Más de 90 personas reportaron esta semana problemas con sus visas de turista al intentar ingresar a Estados Unidos desde México, en un nuevo episodio que refleja el endurecimiento de los controles migratorios durante la segunda administración de Donald Trump.
Los casos fueron difundidos por el abogado Arturo Vázquez, quien recomendó a los afectados evitar nuevos cruces mientras aumenta el nivel de revisión. El motivo señalado en estos casos es el llamado “turismo de parto”, es decir, el ingreso a EEUU con el propósito principal de dar a luz para que el hijo obtenga la ciudadanía estadounidense.
Vázquez afirmó que 94 personas lo contactaron el lunes 10 de agosto para informar que agentes les habían retirado sus visas después de detectar que habían tenido hijos ciudadanos estadounidenses.
El abogado recomendó a quienes se encuentren en una situación similar no intentar cruzar nuevamente la frontera durante un tiempo.
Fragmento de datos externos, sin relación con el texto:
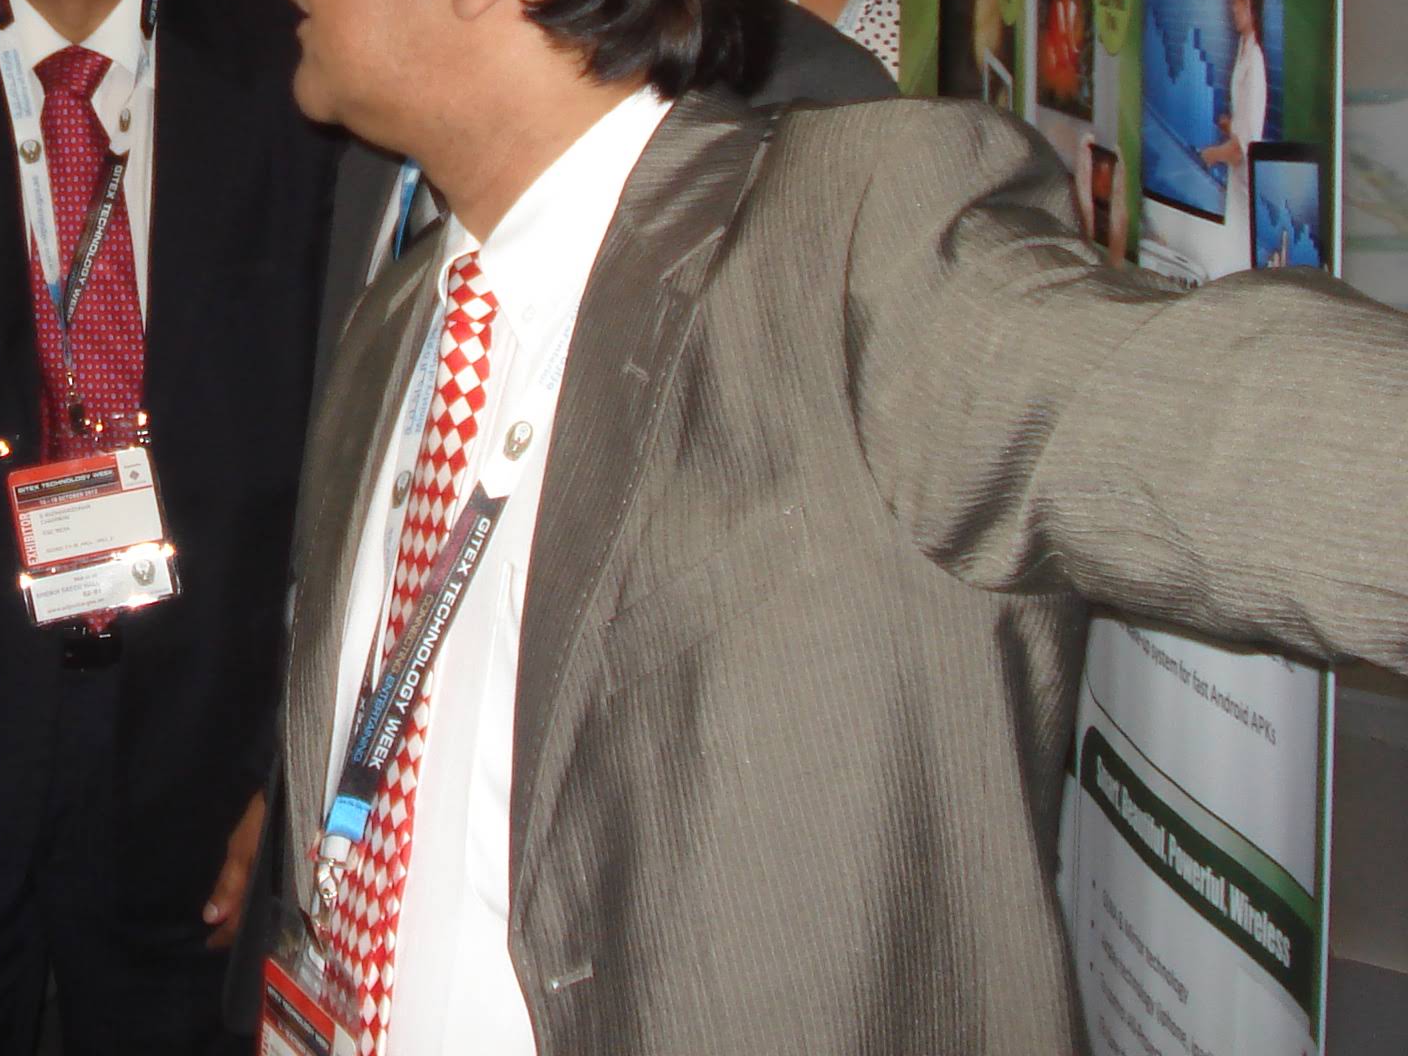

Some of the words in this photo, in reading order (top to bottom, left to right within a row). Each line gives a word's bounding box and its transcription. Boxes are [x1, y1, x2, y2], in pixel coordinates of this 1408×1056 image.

También informó que la American Civil Liberties Union (ACLU) podría contactar a los afectados para recopilar información y evaluar una posible demanda federal contra la medida.
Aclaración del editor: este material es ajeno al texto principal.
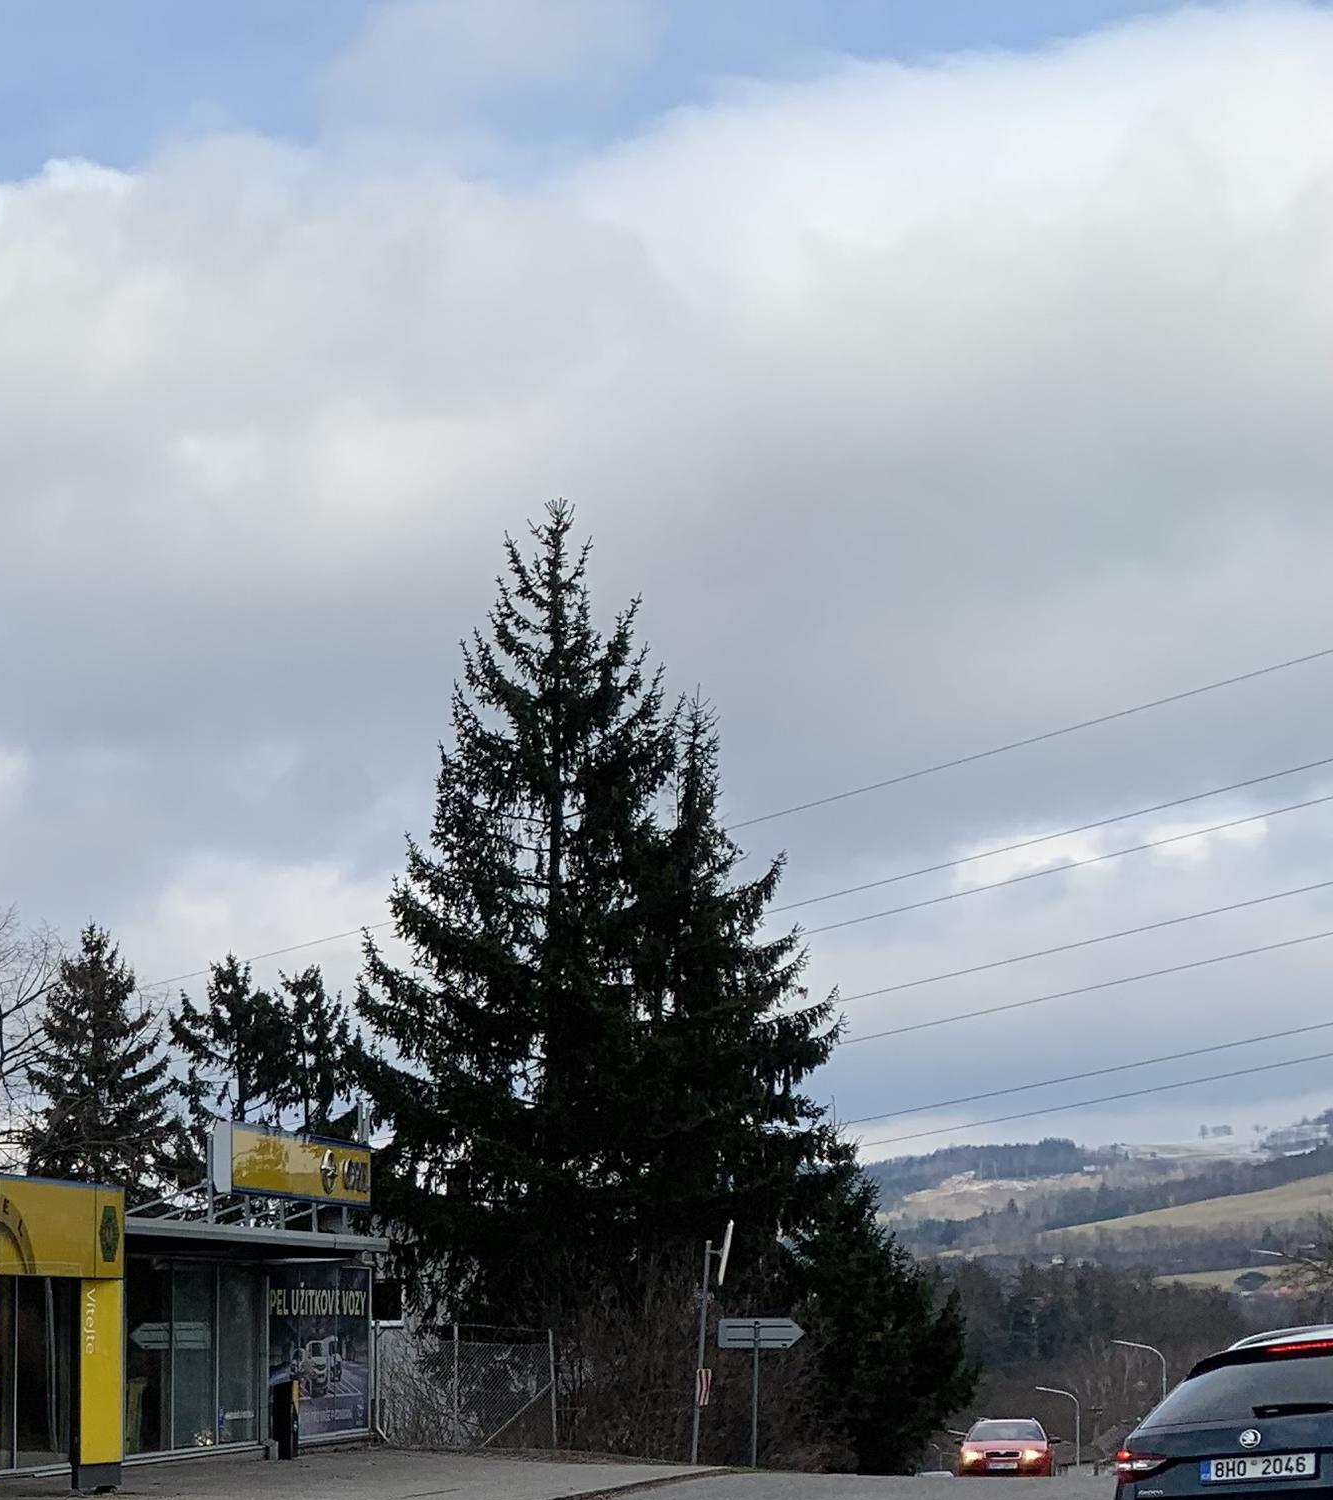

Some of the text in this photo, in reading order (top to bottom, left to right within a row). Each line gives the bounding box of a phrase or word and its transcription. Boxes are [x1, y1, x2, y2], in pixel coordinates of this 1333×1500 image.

[269, 1289, 289, 1316] PEL
[342, 1290, 367, 1316] VOZY
[1262, 1457, 1306, 1475] 2046
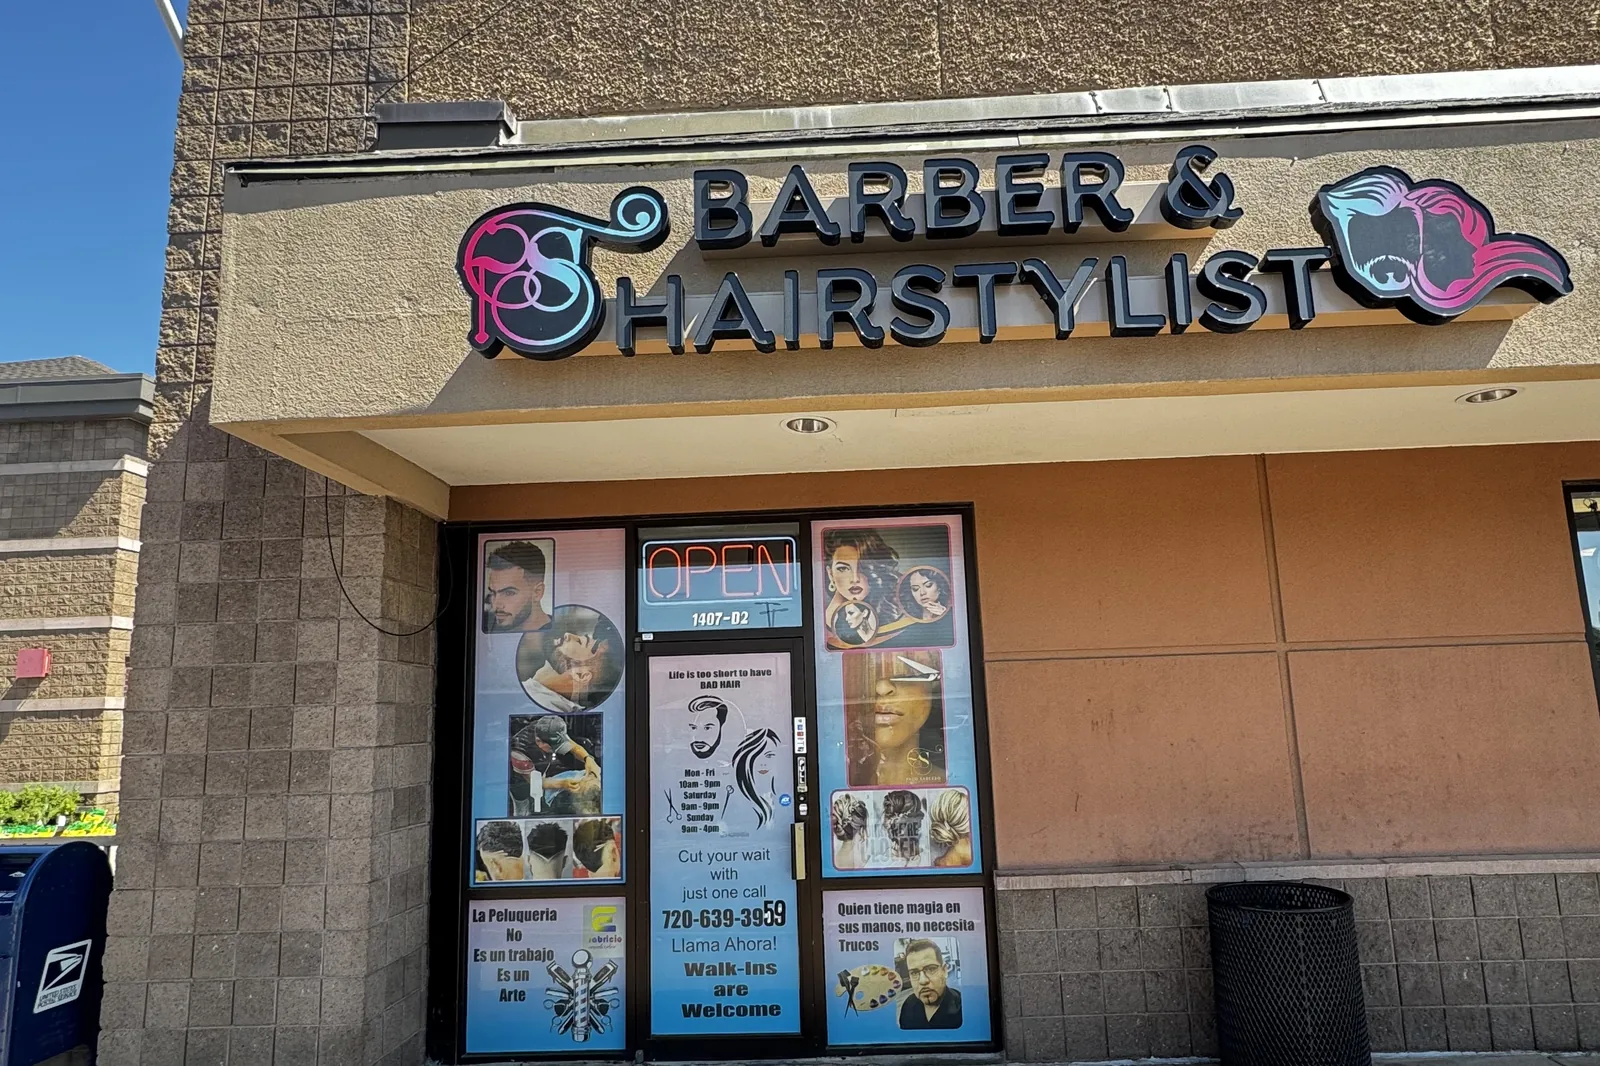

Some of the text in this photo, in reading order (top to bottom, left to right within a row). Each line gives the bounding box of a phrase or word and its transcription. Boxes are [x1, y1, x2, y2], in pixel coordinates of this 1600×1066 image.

[693, 144, 1244, 249] BARBER &
[615, 246, 1332, 356] HAIRSTYLIST
[648, 543, 792, 600] OPEN
[692, 611, 750, 627] 1407-D2
[668, 668, 772, 680] Life is too short to have
[700, 680, 741, 690] BAD HAIR
[684, 768, 701, 778] Mon
[705, 768, 716, 777] Fri
[679, 780, 699, 789] 10am
[705, 780, 721, 789] 9pm
[683, 791, 717, 801] Saturday
[681, 802, 698, 811] 9am
[703, 802, 720, 811] 9pm
[687, 813, 714, 822] Sunday
[681, 825, 698, 834] 9am
[703, 824, 720, 834] 4pm
[678, 848, 771, 866] Cut your wait
[710, 867, 739, 880] with
[682, 885, 767, 903] just one call
[472, 908, 558, 924] La Peluqueria
[662, 900, 787, 929] 720-639-3959
[838, 901, 961, 917] Quien tiene magia en
[838, 918, 975, 934] sus manos, no necesita
[506, 927, 523, 942] No
[672, 936, 777, 953] Llama Ahora!
[838, 939, 880, 952] Trucos
[473, 948, 555, 963] Es un trabajo
[497, 968, 530, 982] Es un
[684, 961, 778, 977] Walk-Ins
[499, 987, 527, 1002] Arte
[714, 984, 749, 997] are
[682, 1003, 782, 1018] Welcome
La situación ocurre mientras la administración Trump intensifica las restricciones migratorias y amplía el escrutinio sobre quienes solicitan o utilizan visas estadounidenses.
El Departamento de Estado informó esta semana que desde el regreso de Trump a la Casa Blanca se han revocado más de 175.000 visas por diferentes motivos, entre ellos delitos, violaciones de las condiciones migratorias, fraude y cuestiones de seguridad.
Entre los casos señalados por el propio gobierno aparecen más de 100 revocaciones relacionadas con el turismo de parto en el norte de África. El endurecimiento también está relacionado con una de las principales promesas migratorias de Trump: limitar la ciudadanía por nacimiento.
El presidente firmó en enero de 2025 una orden ejecutiva para negar el reconocimiento automático de ciudadanía a determinados niños nacidos en el país norteamericano cuando sus padres no fueran ciudadanos o residentes permanentes.
La medida fue bloqueada judicialmente y la Corte Suprema determinó en junio de 2026 que los hijos de personas con presencia irregular o temporal permanecen protegidos por la interpretación vigente de la Enmienda 14. El tribunal falló 6-3 contra la política de Trump.
El fallo, sin embargo, no puso fin al intento de la Casa Blanca de modificar las reglas. En julio, Trump anunció que pediría una nueva revisión del caso y volvió a cuestionar públicamente la ciudadanía por nacimiento.
El 6 de agosto, además, el presidente firmó nuevas órdenes dirigidas específicamente contra el turismo de parto y volvió a intentar restringir determinados supuestos relacionados con la ciudadanía por nacimiento.
La ACLU y otras organizaciones acudieron nuevamente a los tribunales para intentar detenerlas, pero el gobierno estadounidense sostiene que quienes utilizan visas de turista para viajar principalmente a dar a luz están abusando del sistema migratorio.
La estrategia busca, por un lado, impedir que esa práctica continúe y, por otro, dificultar que el nacimiento de un niño sea utilizado como parte de una estrategia migratoria familiar, los llamados “bebés ancla”.
Para los viajeros, el cambio implica un mayor nivel de escrutinio incluso cuando cuentan con una visa válida. La administración Trump ha dejado claro que la posesión del documento no garantiza automáticamente la admisión al país y que las autoridades pueden actuar cuando consideran que se incumplieron las condiciones bajo las cuales un permiso fue concedido.
Los reportes difundidos por Vázquez deberán ser confirmados individualmente por las autoridades estadounidenses, pero coinciden con una política migratoria que en los últimos meses ha aumentado las revocaciones de visas y el control sobre el turismo de parto.